Crossposted from the AI Alignment Forum. May contain more technical jargon than usual.

[Metadata: crossposted from https://tsvibt.blogspot.com/2022/11/are-there-cognitive-realms.html. First completed November 16, 2022. This essay is more like research notes than exposition, so context may be missing, the use of terms may change across essays, and the text may be revised later; only the versions at tsvibt.blogspot.com are definitely up to date.]

Are there unbounded modes of thinking that are systemically, radically distinct from each other in relevant ways?

Note: since I don't know whether "cognitive realms" exist, this essay isn't based on clear examples and is especially speculative.

Realms

Systemically, radically distinct unbounded modes of thinking

The question is, are there different kinds--writ large--of thinking?

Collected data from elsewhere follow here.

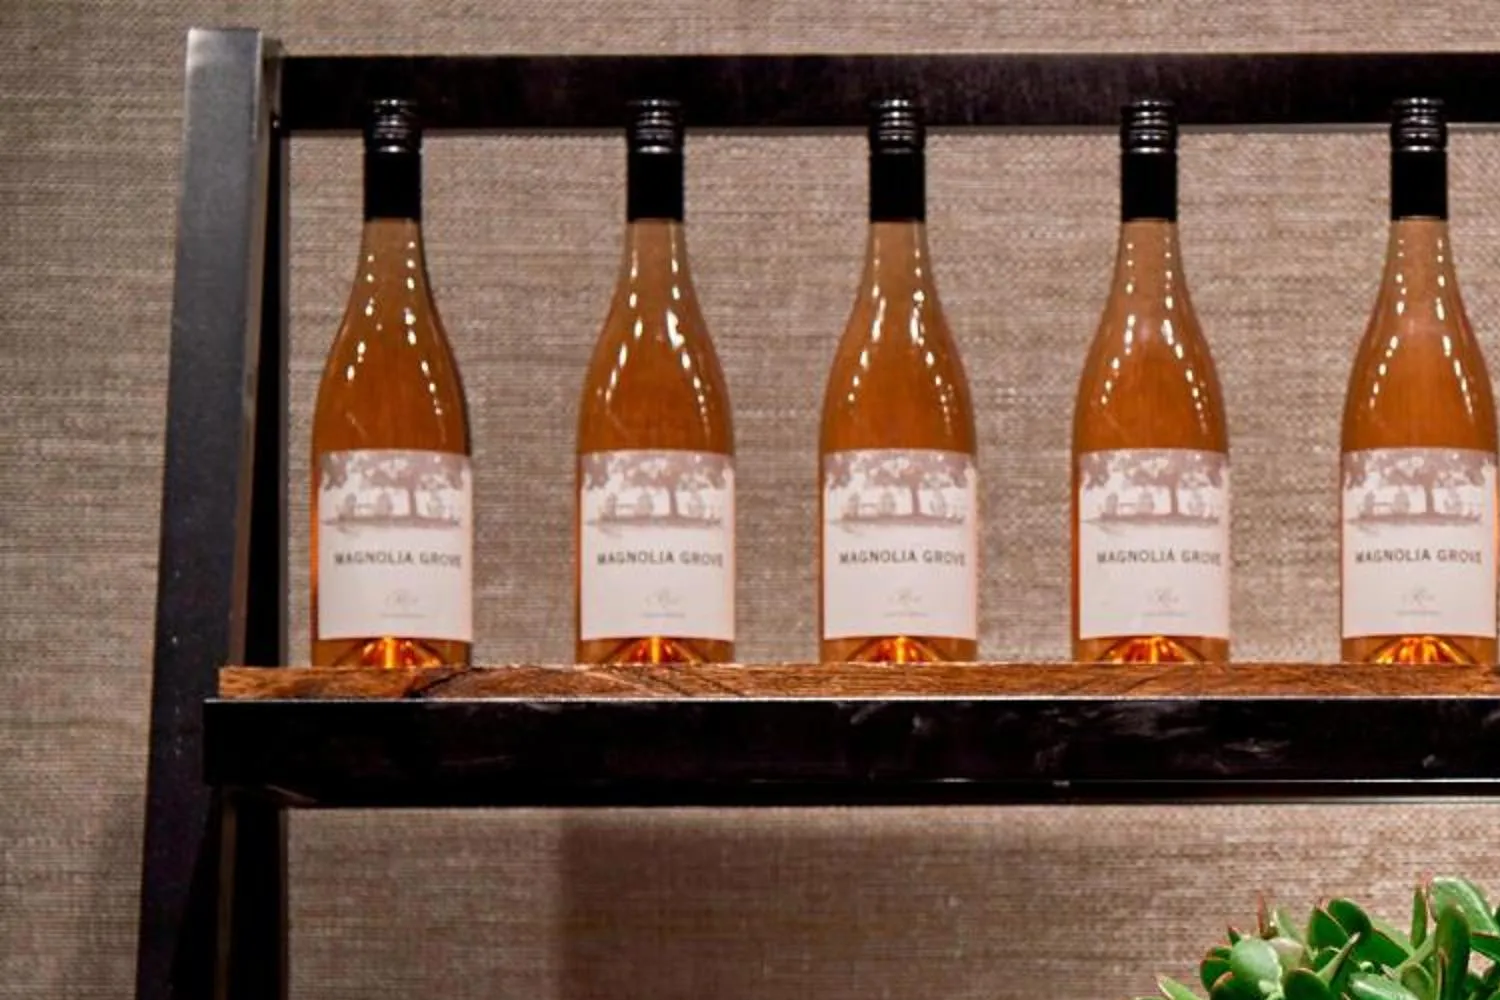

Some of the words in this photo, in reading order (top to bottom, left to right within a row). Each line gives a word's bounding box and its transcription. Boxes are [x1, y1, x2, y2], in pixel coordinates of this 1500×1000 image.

[334, 551, 414, 566] MAGNOLIA
[419, 552, 461, 568] GROVE
[596, 551, 675, 566] MAGNOLIA
[679, 551, 723, 568] GROVE
[839, 549, 918, 565] MAGNOLIA
[922, 550, 966, 567] GROVE
[1096, 548, 1176, 564] MAGNOLIA
[1180, 550, 1221, 566] GROVE
[1355, 548, 1432, 564] MAGNOLIA
[1436, 548, 1482, 564] GROVE
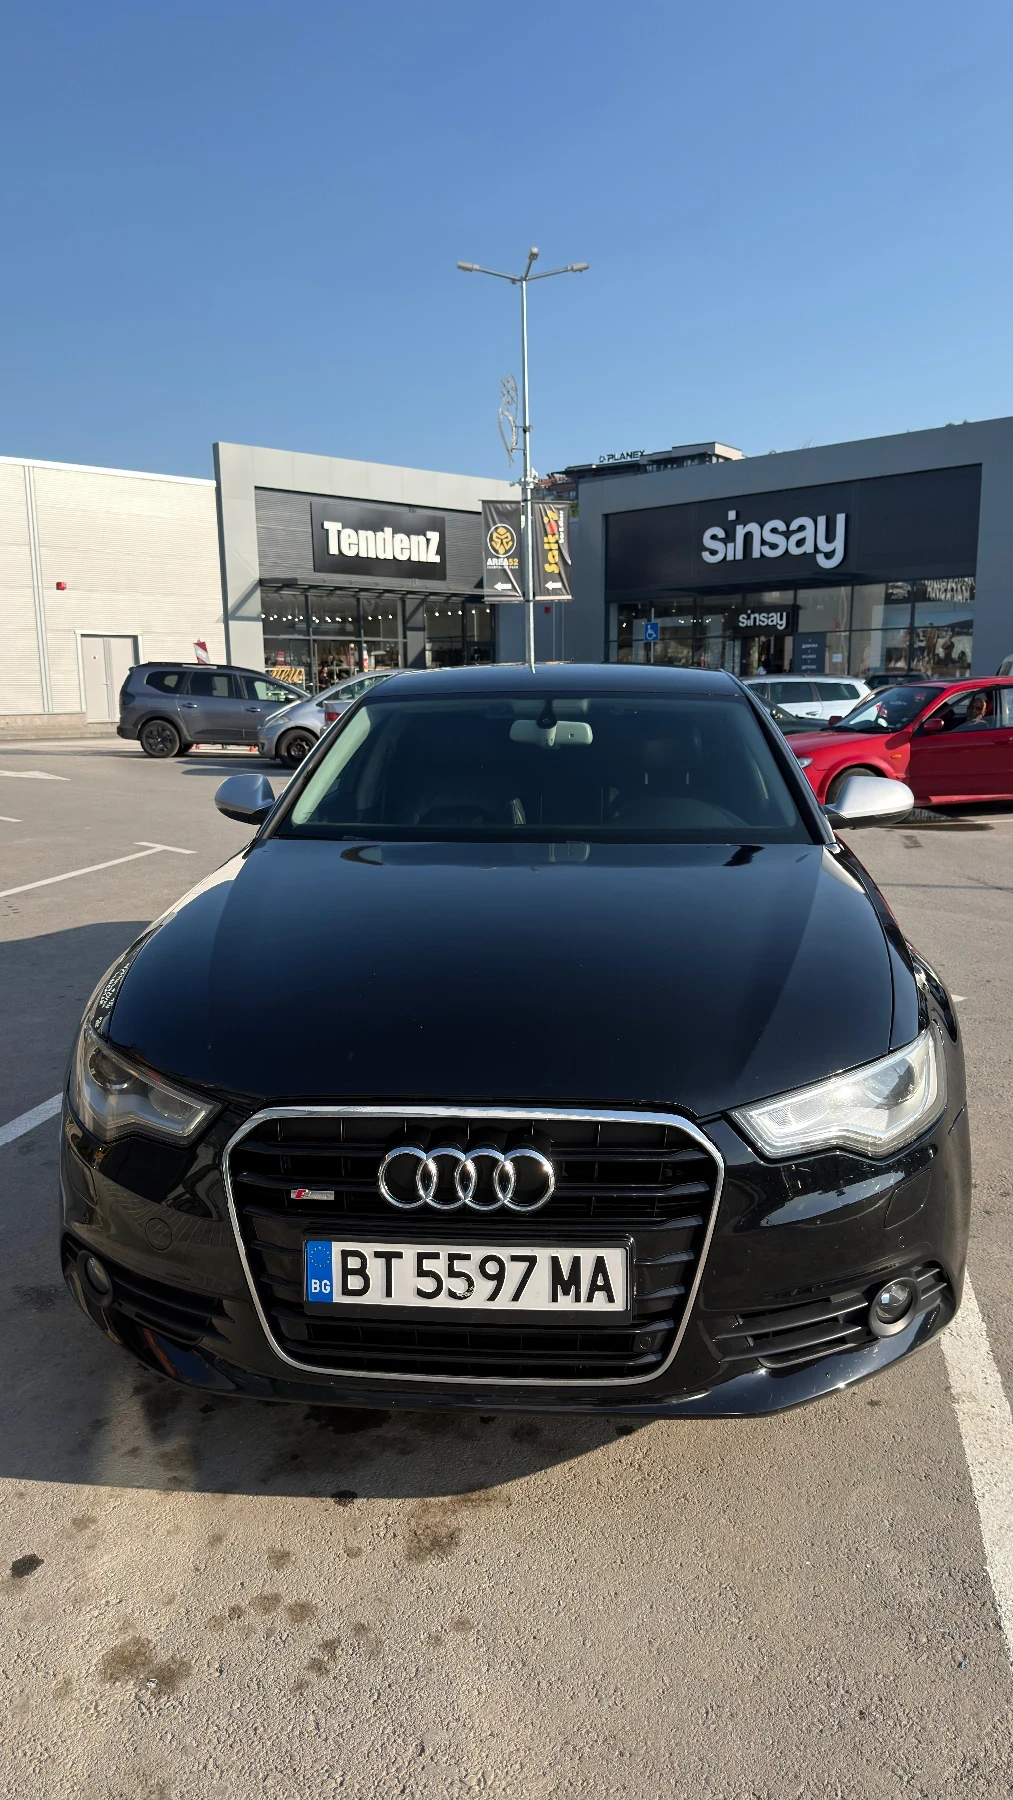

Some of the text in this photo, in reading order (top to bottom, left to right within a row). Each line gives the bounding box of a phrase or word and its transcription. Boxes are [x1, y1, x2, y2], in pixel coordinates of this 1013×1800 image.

[606, 450, 645, 462] PLANEX
[323, 520, 441, 563] TendenZ
[701, 510, 847, 569] sinsay
[738, 610, 787, 630] sinsay
[311, 1279, 331, 1294] BG
[341, 1249, 616, 1303] BT 5597 MA
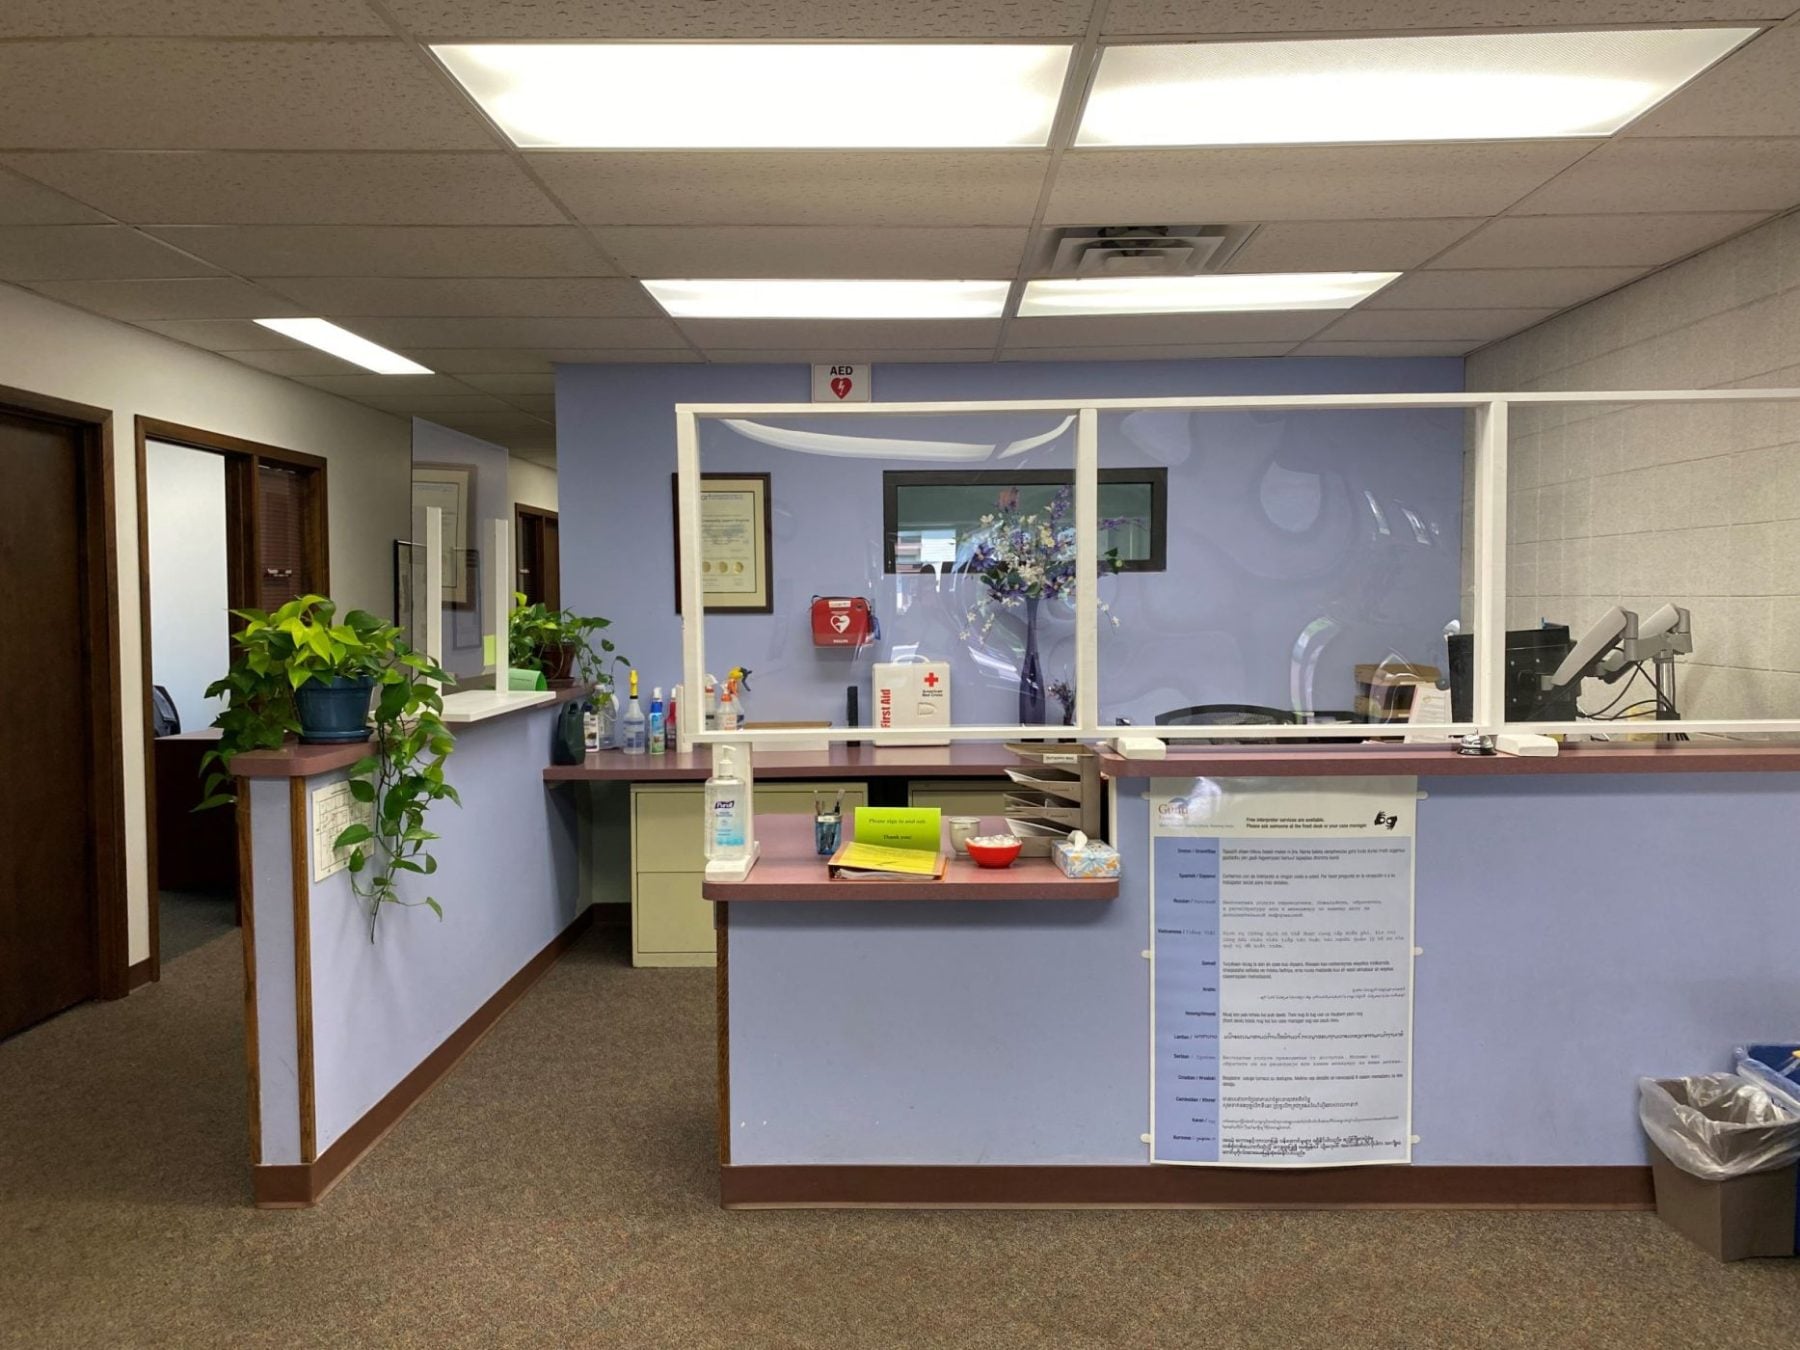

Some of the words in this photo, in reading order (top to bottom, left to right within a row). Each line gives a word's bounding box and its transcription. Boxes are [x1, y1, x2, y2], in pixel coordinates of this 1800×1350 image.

[830, 365, 853, 376] AED
[880, 689, 891, 705] Aid
[880, 707, 891, 728] First

To the extent that there are, interpreting the mental content of another mind, especially one with different origins than one's own, may be more fraught than one would assume based on experience with minds that have similar origins to one's own mind.

Are there unbounded modes of thinking that are systemically, radically distinct from each other?

"Unbounded" means that there aren't bounds on how far the thinking can go, how much it can understand, what domains it can become effective in, what goals it can achieve if they are possible.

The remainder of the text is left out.